WORK INSTRUCTION:
From the first entry to the last, restate everything word for word and exclude pictures.

THE RECORDS:
........

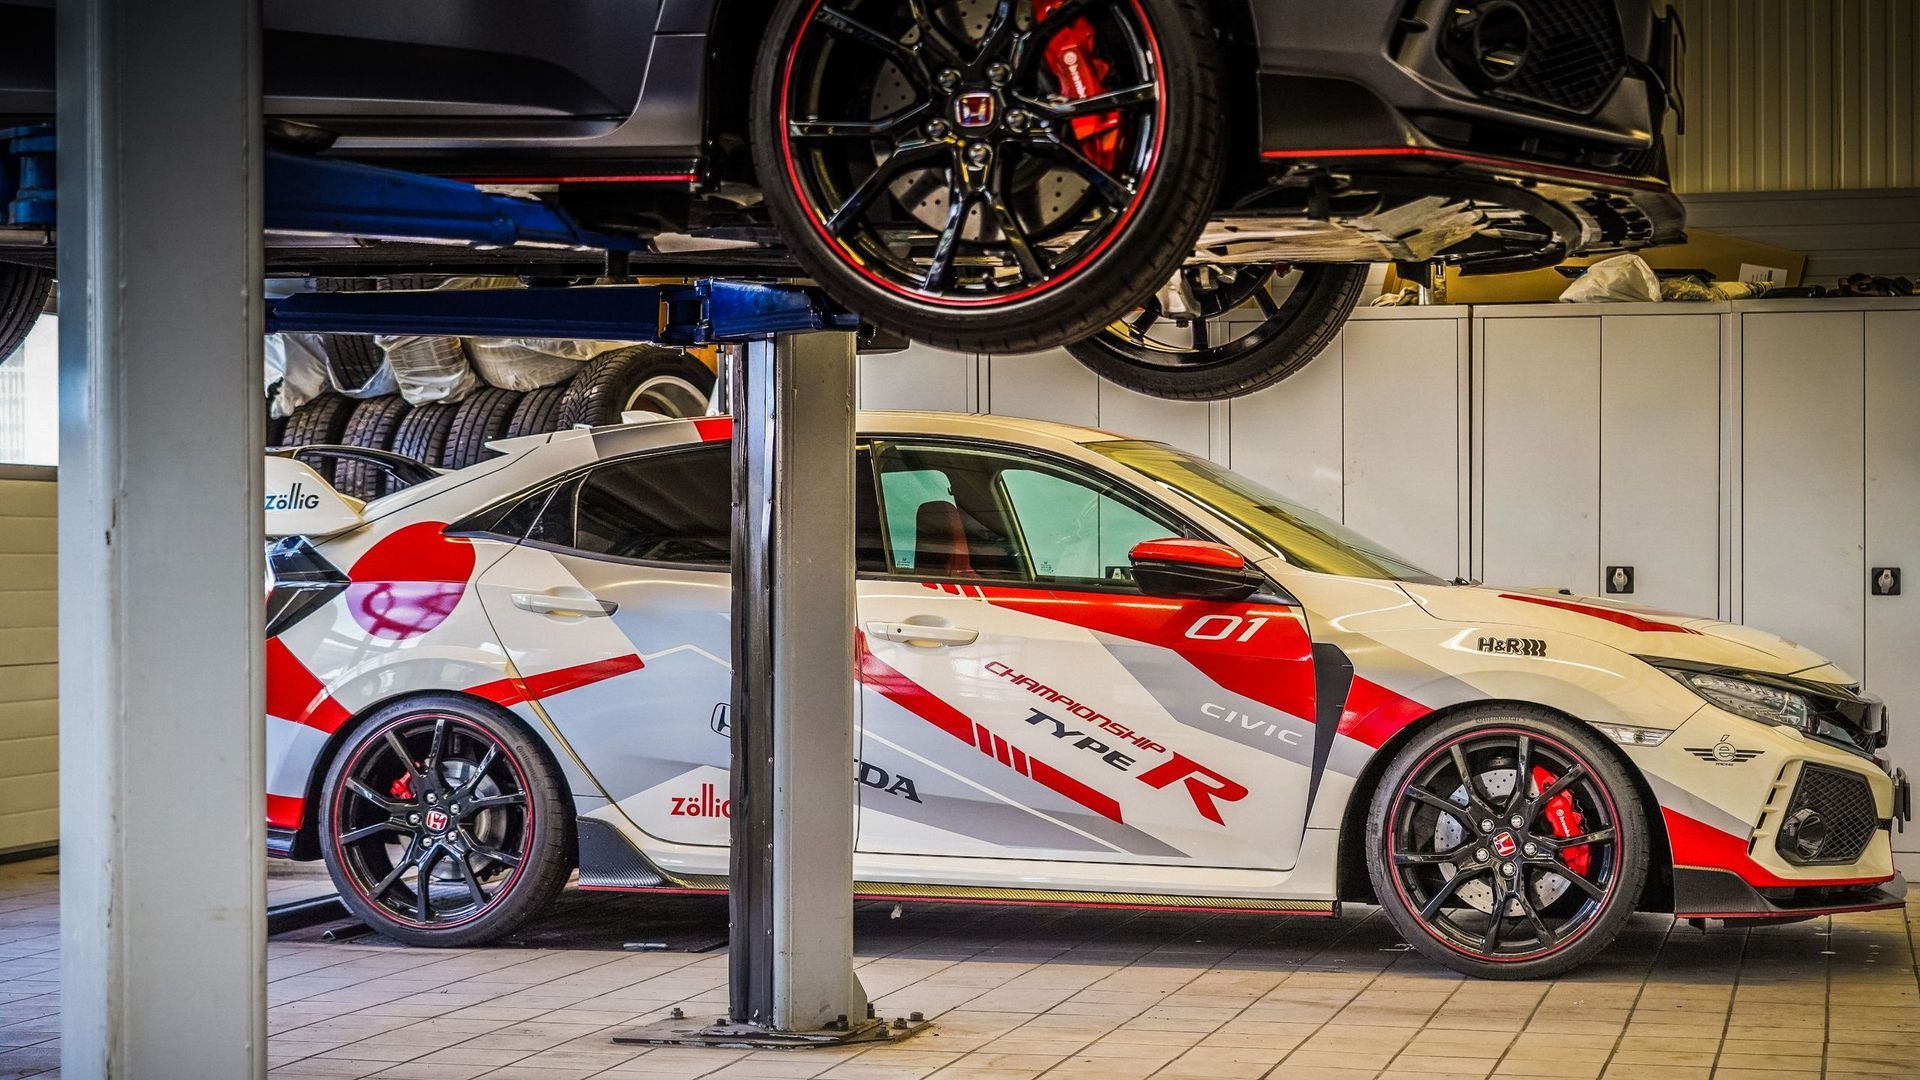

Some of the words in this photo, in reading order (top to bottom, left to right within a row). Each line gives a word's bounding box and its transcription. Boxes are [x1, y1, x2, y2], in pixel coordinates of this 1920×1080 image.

[1185, 614, 1269, 642] 01
[984, 661, 1166, 754] CHAMPIONSHIP
[1201, 702, 1303, 746] CIVIC
[1025, 707, 1137, 772] TYPE
[1136, 751, 1249, 827] R
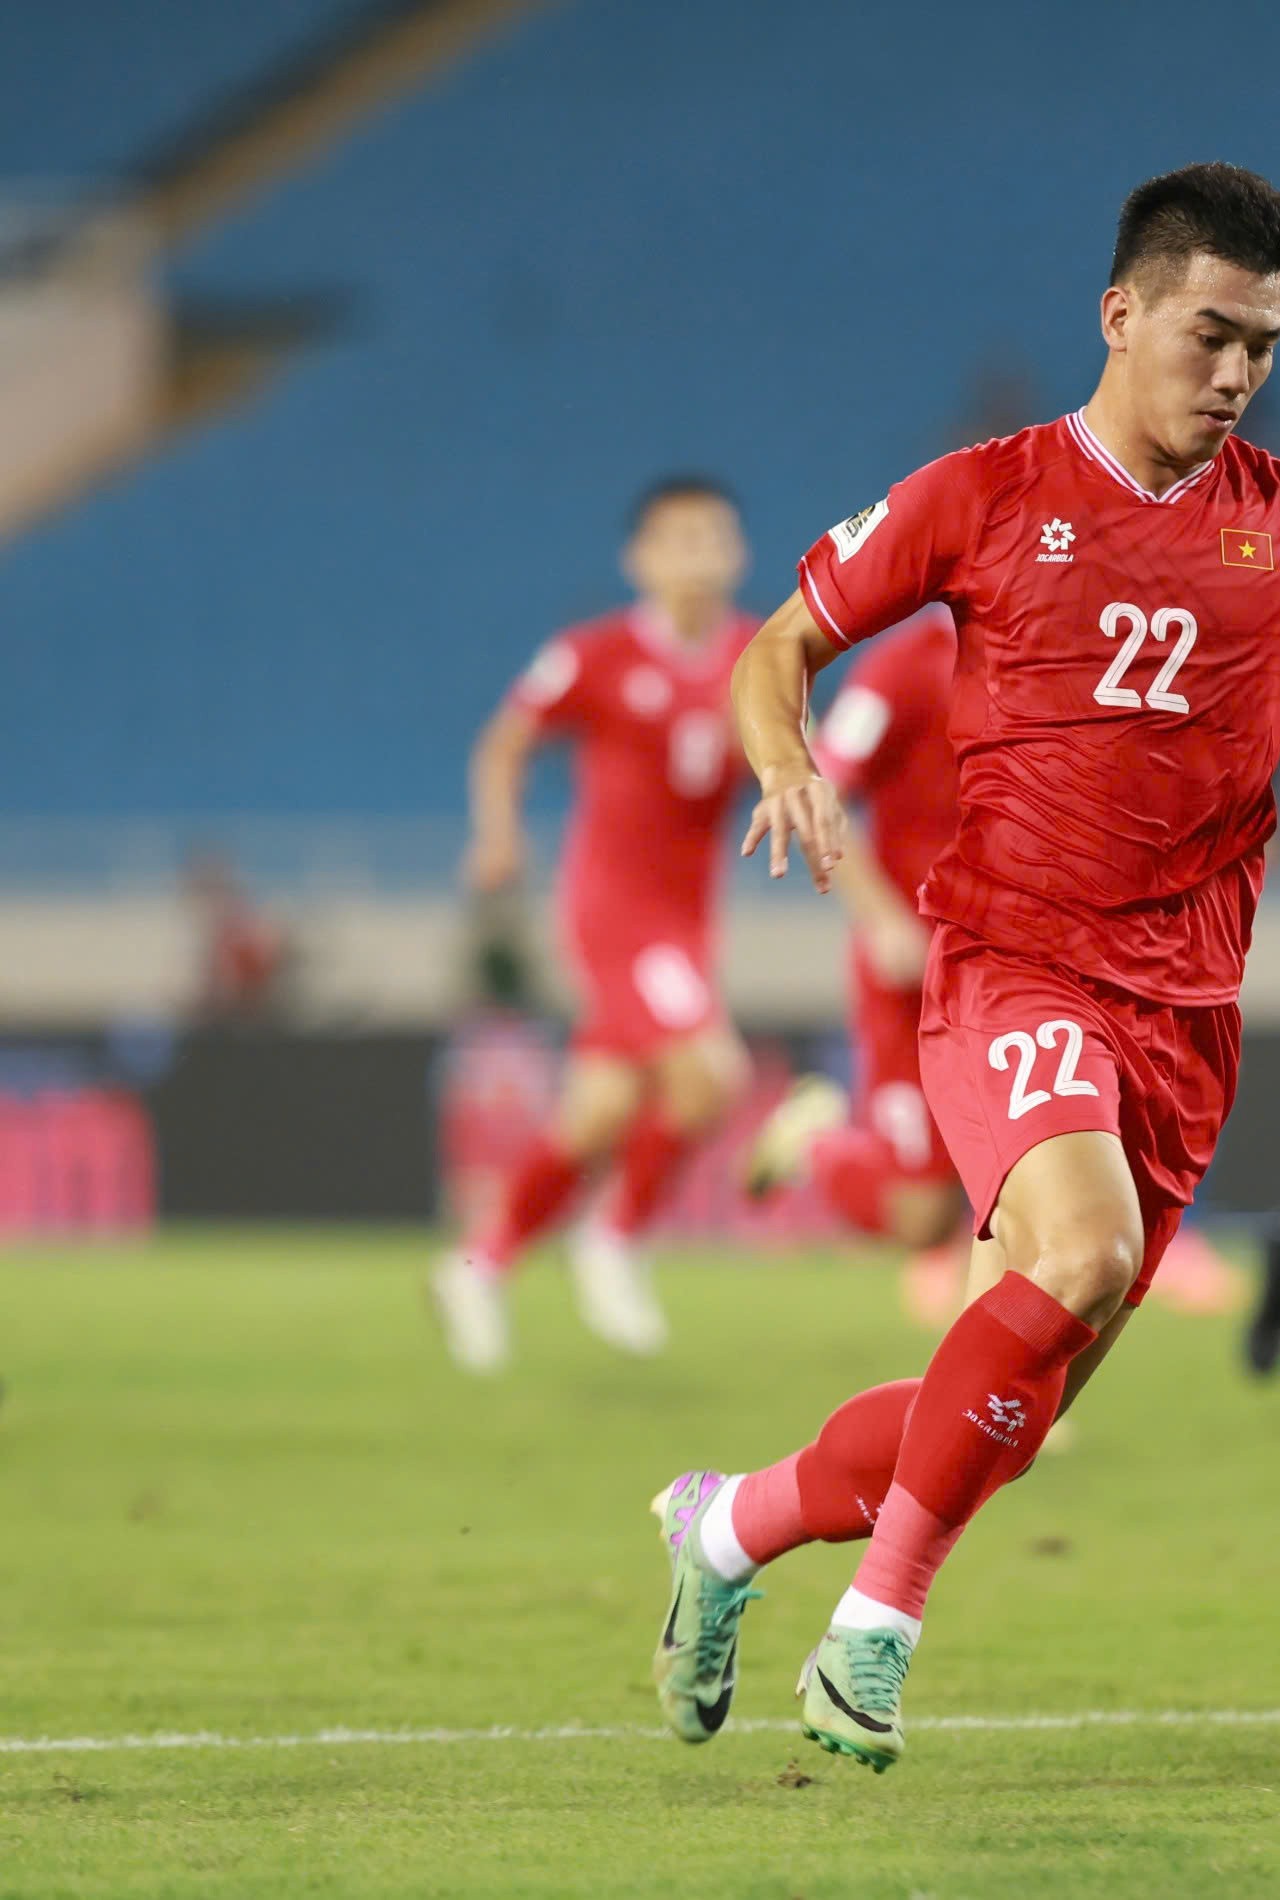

........

RESPONSE TO THIS EXERCISE:
Some of the words in this photo, in reading order (top to bottom, left to right within a row). Each line gives a word's bounding box and its transcription. Boxes are [x1, y1, x2, y2], in pixel coordinates of this 1920×1080 image.

[1185, 614, 1269, 642] 01
[984, 661, 1166, 754] CHAMPIONSHIP
[1201, 702, 1303, 746] CIVIC
[1025, 707, 1137, 772] TYPE
[1136, 751, 1249, 827] R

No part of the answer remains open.